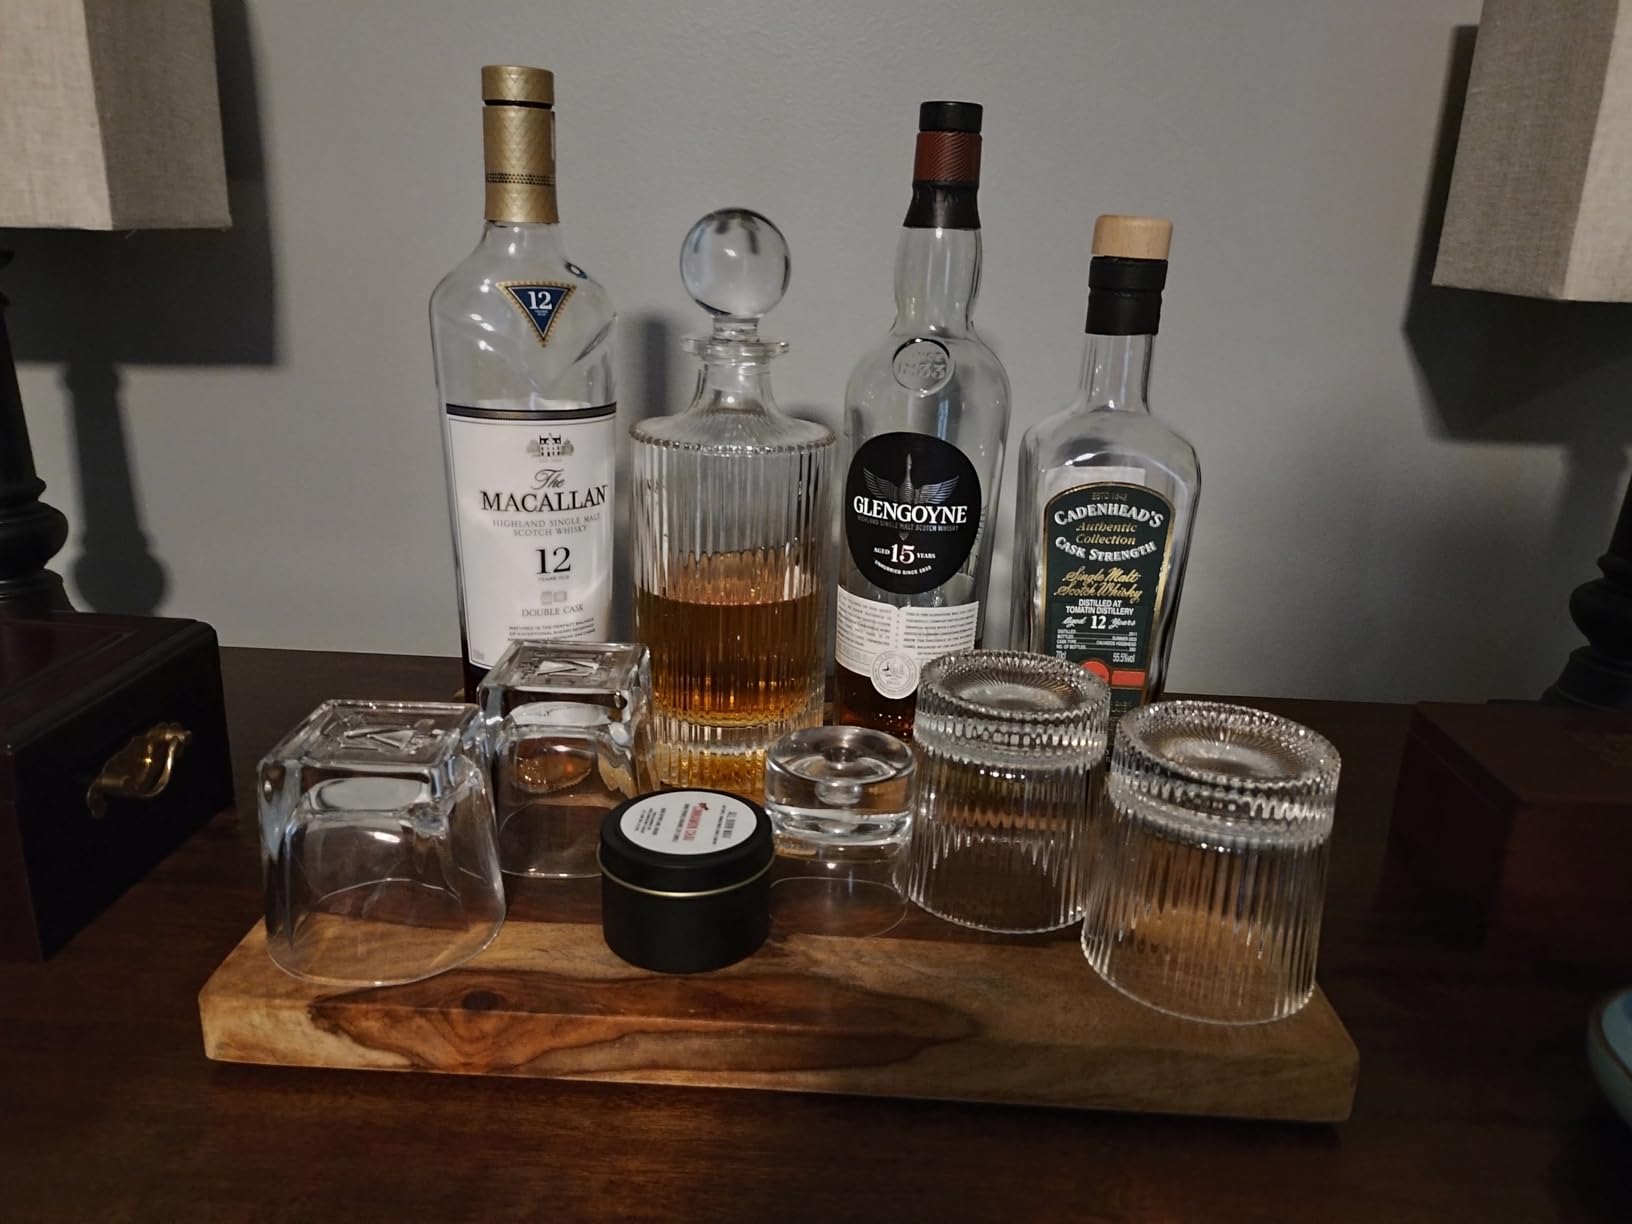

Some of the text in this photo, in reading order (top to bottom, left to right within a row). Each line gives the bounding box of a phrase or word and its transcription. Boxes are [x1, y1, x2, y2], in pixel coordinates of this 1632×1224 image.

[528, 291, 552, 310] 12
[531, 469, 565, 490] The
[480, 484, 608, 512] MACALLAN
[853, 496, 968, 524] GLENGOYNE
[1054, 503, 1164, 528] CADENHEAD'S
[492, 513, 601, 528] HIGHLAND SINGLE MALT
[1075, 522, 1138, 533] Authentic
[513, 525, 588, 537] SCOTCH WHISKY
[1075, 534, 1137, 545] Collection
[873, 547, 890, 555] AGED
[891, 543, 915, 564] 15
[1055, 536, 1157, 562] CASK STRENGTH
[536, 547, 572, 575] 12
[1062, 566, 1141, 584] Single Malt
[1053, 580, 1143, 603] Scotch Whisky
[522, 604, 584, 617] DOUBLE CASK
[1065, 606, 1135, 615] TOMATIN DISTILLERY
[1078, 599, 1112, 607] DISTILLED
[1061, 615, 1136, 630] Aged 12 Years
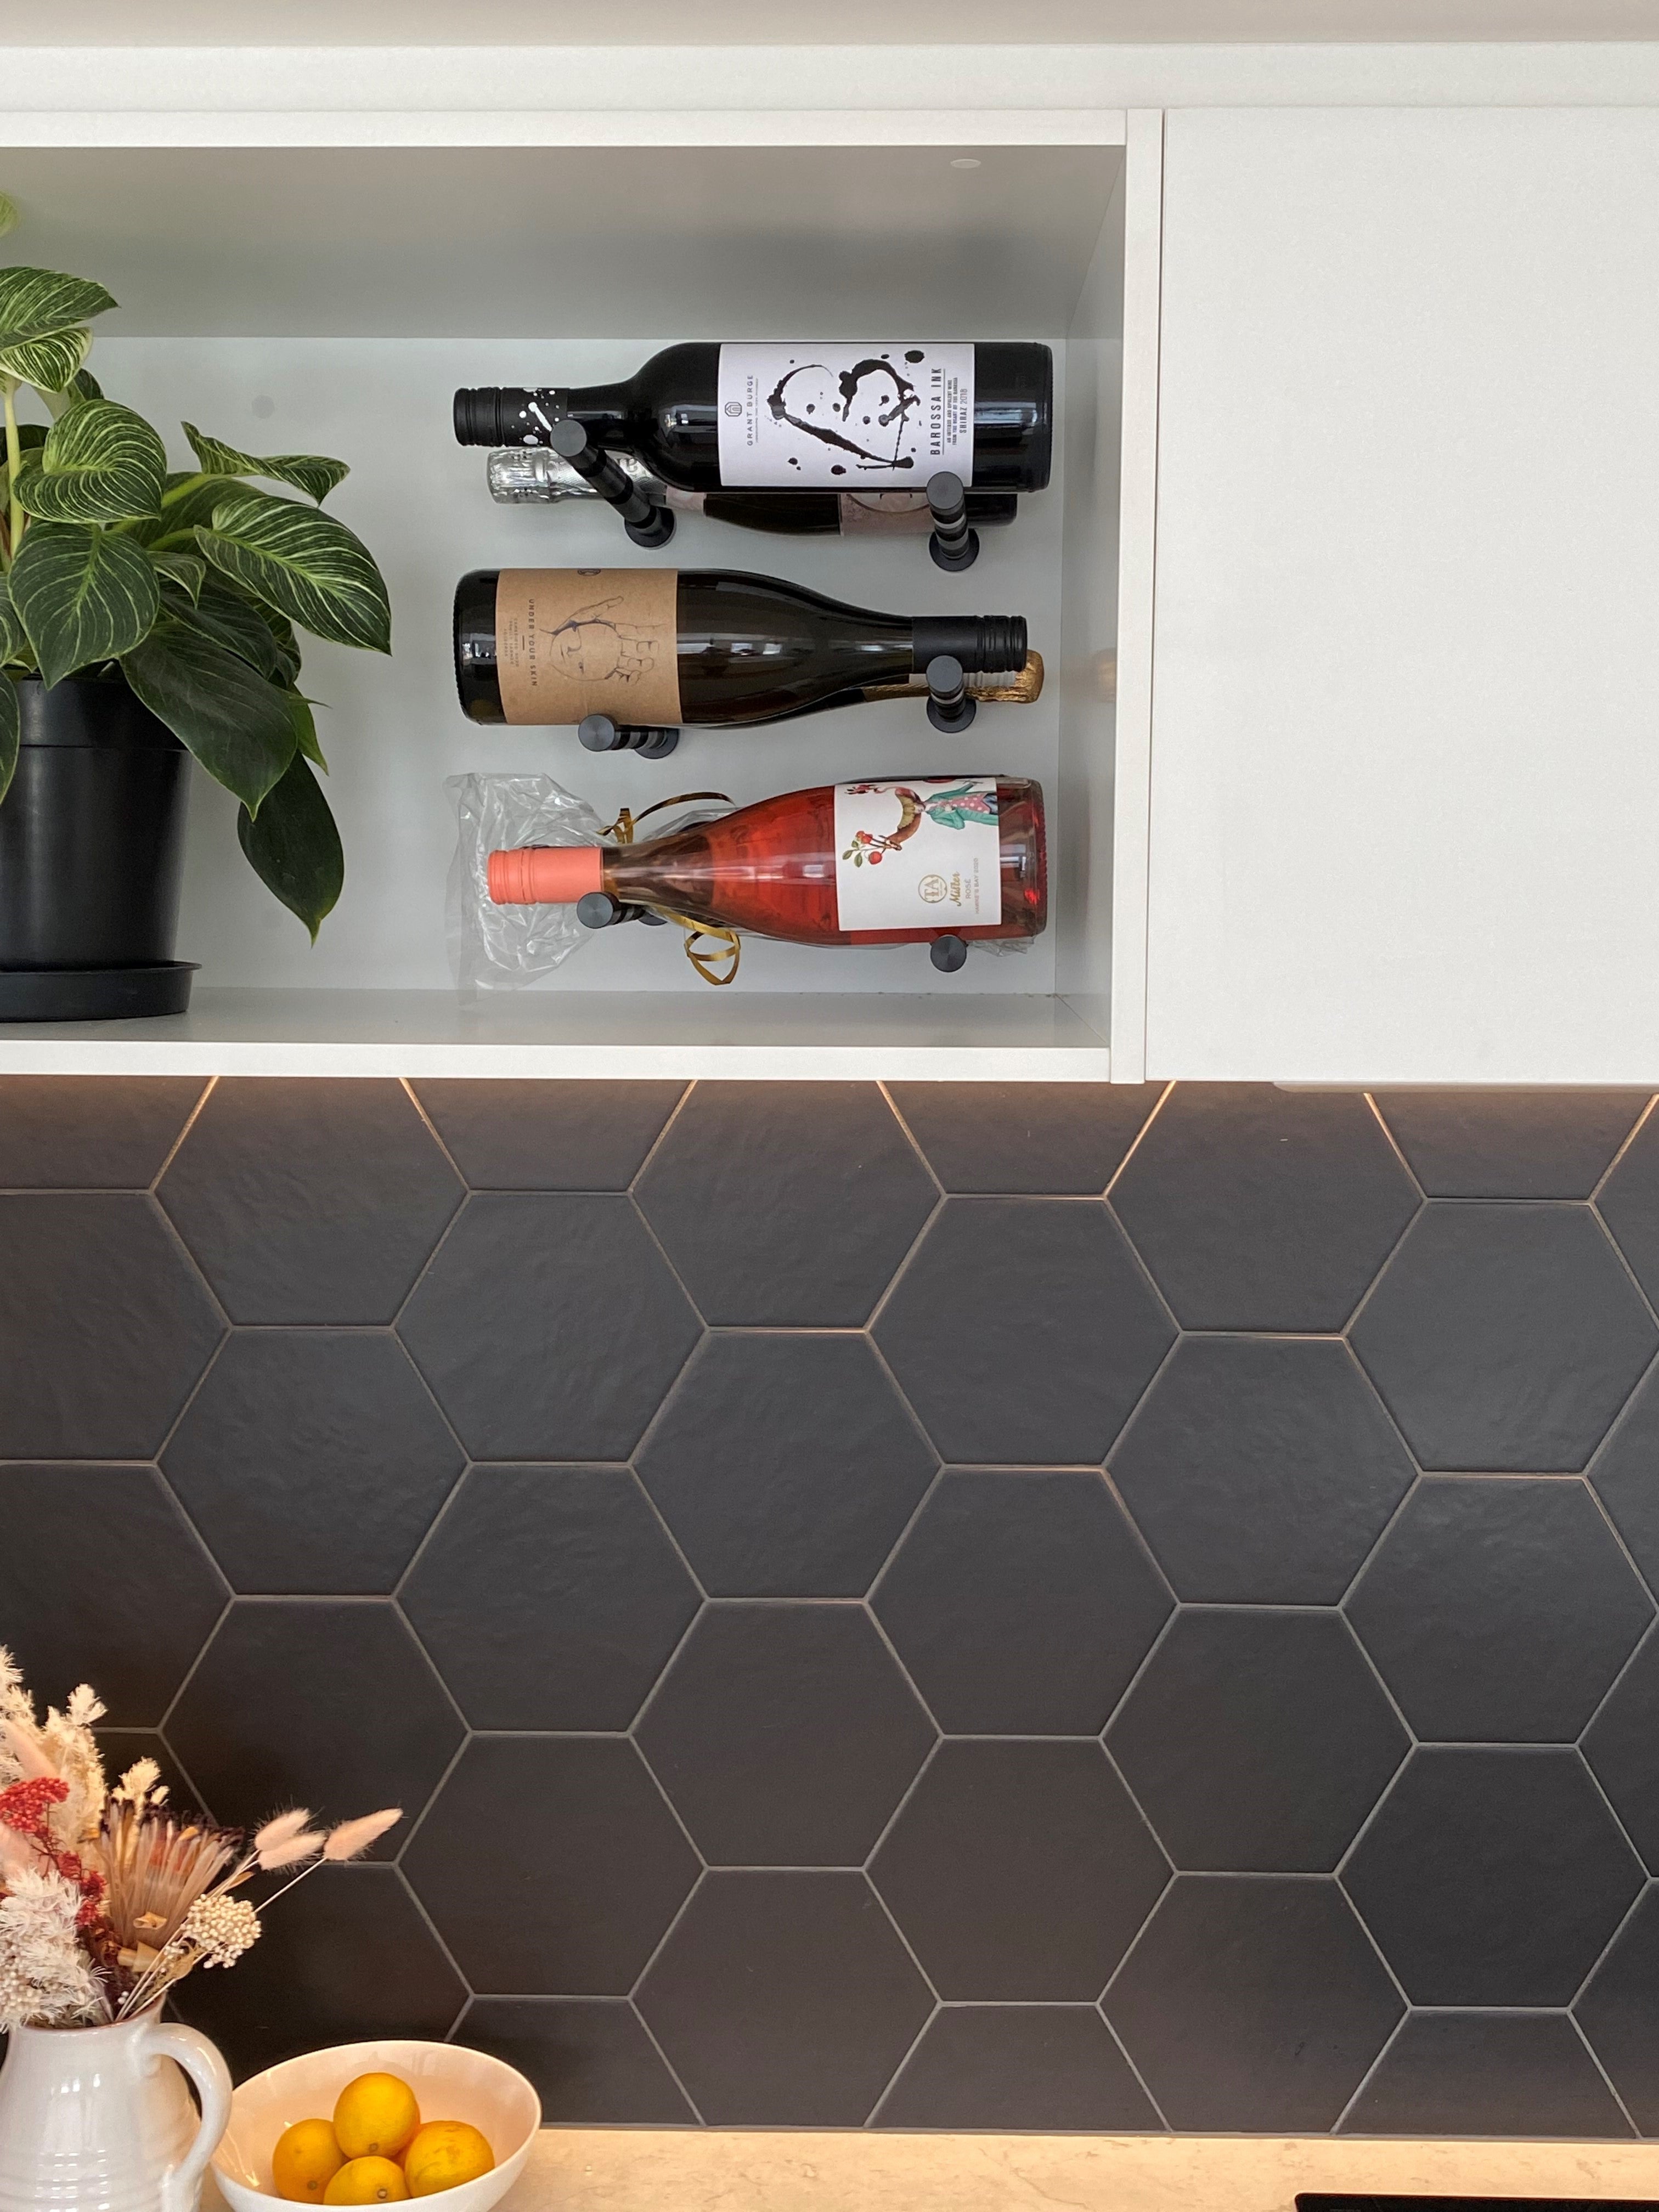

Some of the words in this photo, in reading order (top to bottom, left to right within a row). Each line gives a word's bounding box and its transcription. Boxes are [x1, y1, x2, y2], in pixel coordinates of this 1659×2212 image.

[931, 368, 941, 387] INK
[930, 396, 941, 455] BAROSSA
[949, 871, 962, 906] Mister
::::
BRIEF. Would you please copy the lines above, from the one holding "Some of the words" through the last, and nothing else?

ANSWER TO THIS PROBLEM.
Some of the words in this photo, in reading order (top to bottom, left to right within a row). Each line gives a word's bounding box and its transcription. Boxes are [x1, y1, x2, y2], in pixel coordinates of this 1659×2212 image.

[931, 368, 941, 387] INK
[930, 396, 941, 455] BAROSSA
[949, 871, 962, 906] Mister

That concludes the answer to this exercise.